◆ Your goal ◆
Please transcribe the data below in full, word for word, without the images.

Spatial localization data
══════

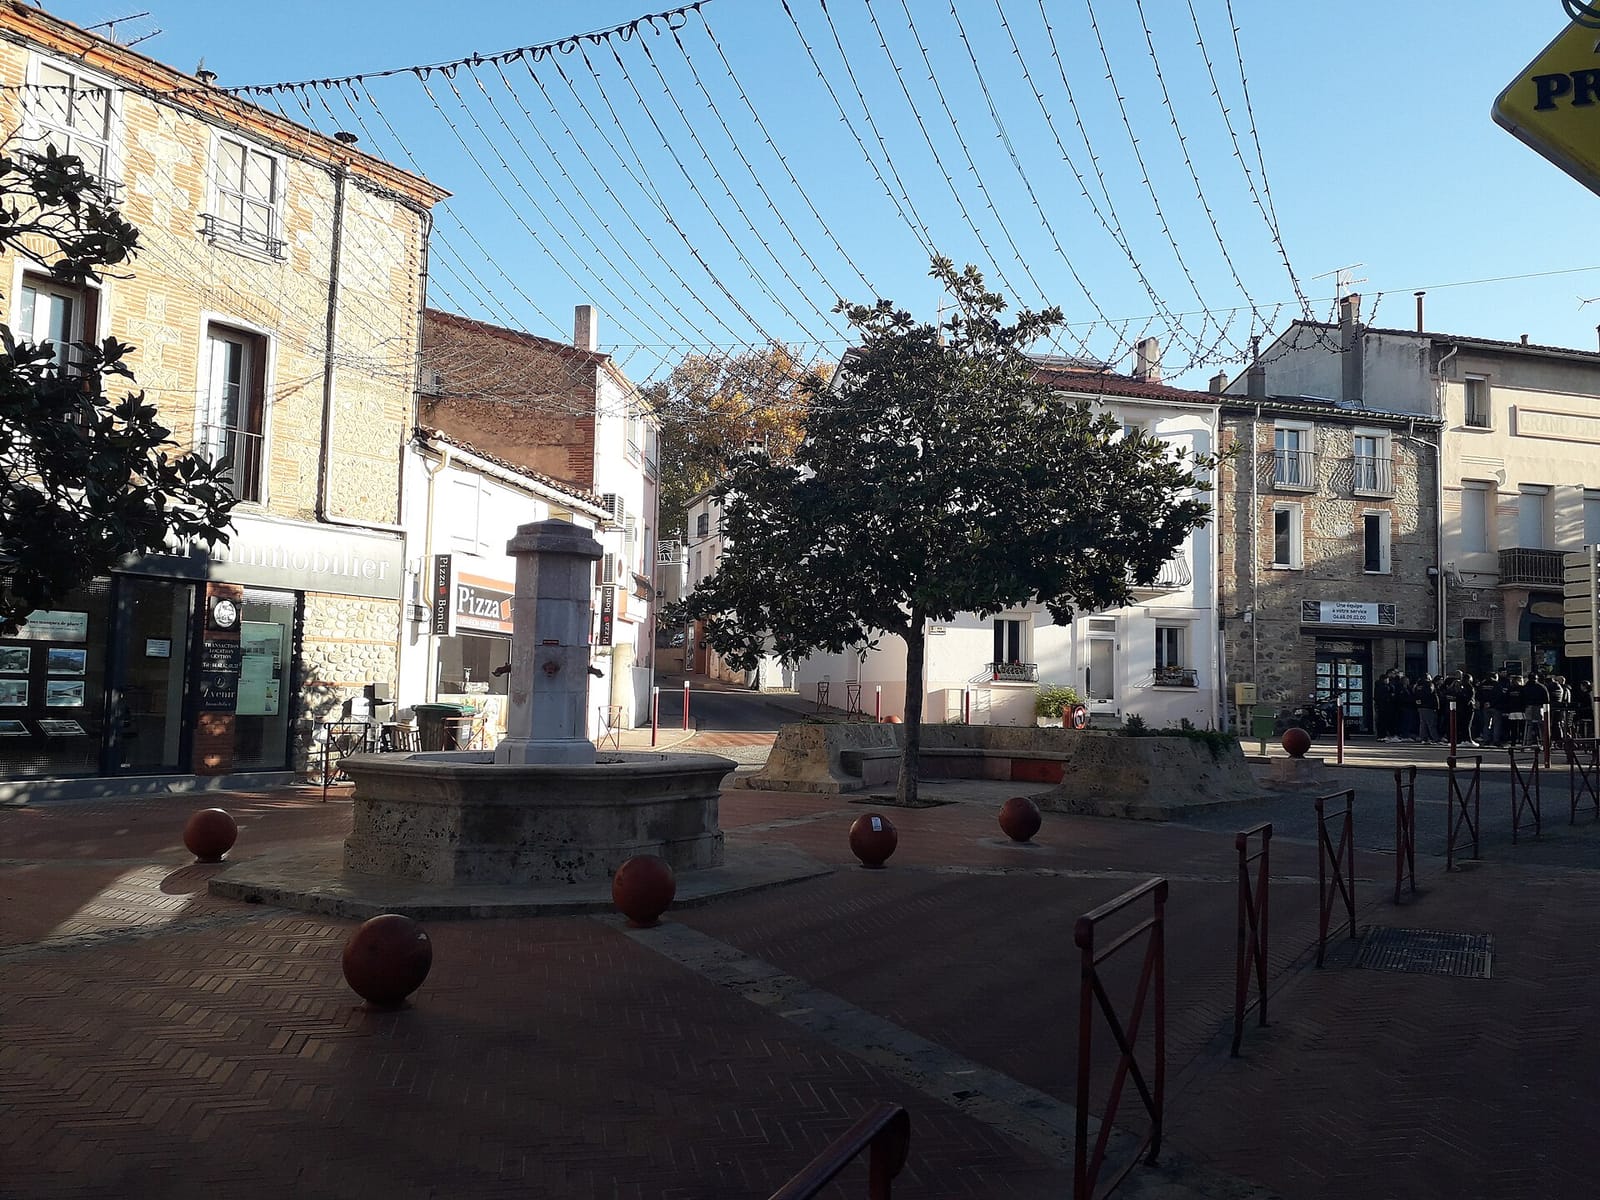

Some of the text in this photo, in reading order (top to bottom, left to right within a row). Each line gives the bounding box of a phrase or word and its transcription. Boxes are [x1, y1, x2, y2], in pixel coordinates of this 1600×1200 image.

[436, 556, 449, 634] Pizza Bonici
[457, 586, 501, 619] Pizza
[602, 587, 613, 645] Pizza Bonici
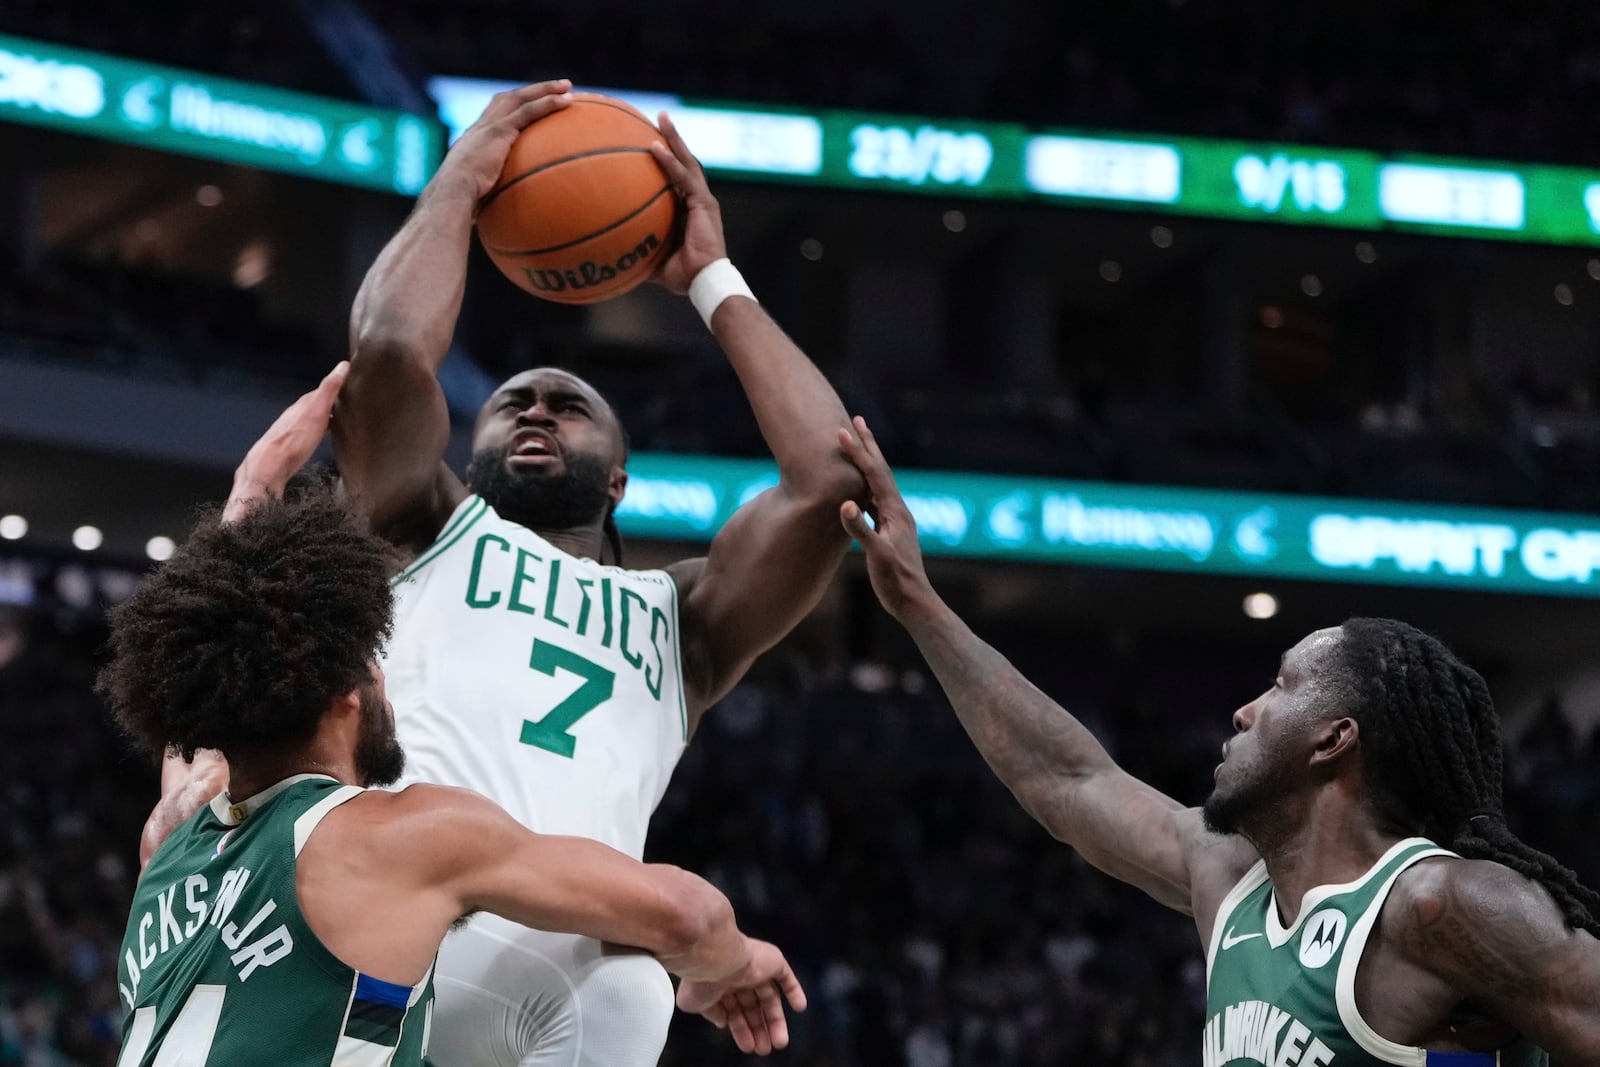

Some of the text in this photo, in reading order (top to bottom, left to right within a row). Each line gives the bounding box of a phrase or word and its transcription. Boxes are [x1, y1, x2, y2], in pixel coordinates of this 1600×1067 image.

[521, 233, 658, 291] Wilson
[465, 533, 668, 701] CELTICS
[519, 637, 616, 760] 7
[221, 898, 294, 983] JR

══════

◆ Output of the task ◆
Some of the text in this photo, in reading order (top to bottom, left to right within a row). Each line gives the bounding box of a phrase or word and its transcription. Boxes are [x1, y1, x2, y2], in pixel coordinates of this 1600×1200 image.

[436, 556, 449, 634] Pizza Bonici
[457, 586, 501, 619] Pizza
[602, 587, 613, 645] Pizza Bonici

Some of the text in this photo, in reading order (top to bottom, left to right within a row). Each line gives the bounding box of a phrase or word and its transcription. Boxes are [x1, y1, x2, y2], in pixel coordinates of this 1600×1067 image.

[521, 233, 658, 291] Wilson
[465, 533, 668, 701] CELTICS
[519, 637, 616, 760] 7
[221, 898, 294, 983] JR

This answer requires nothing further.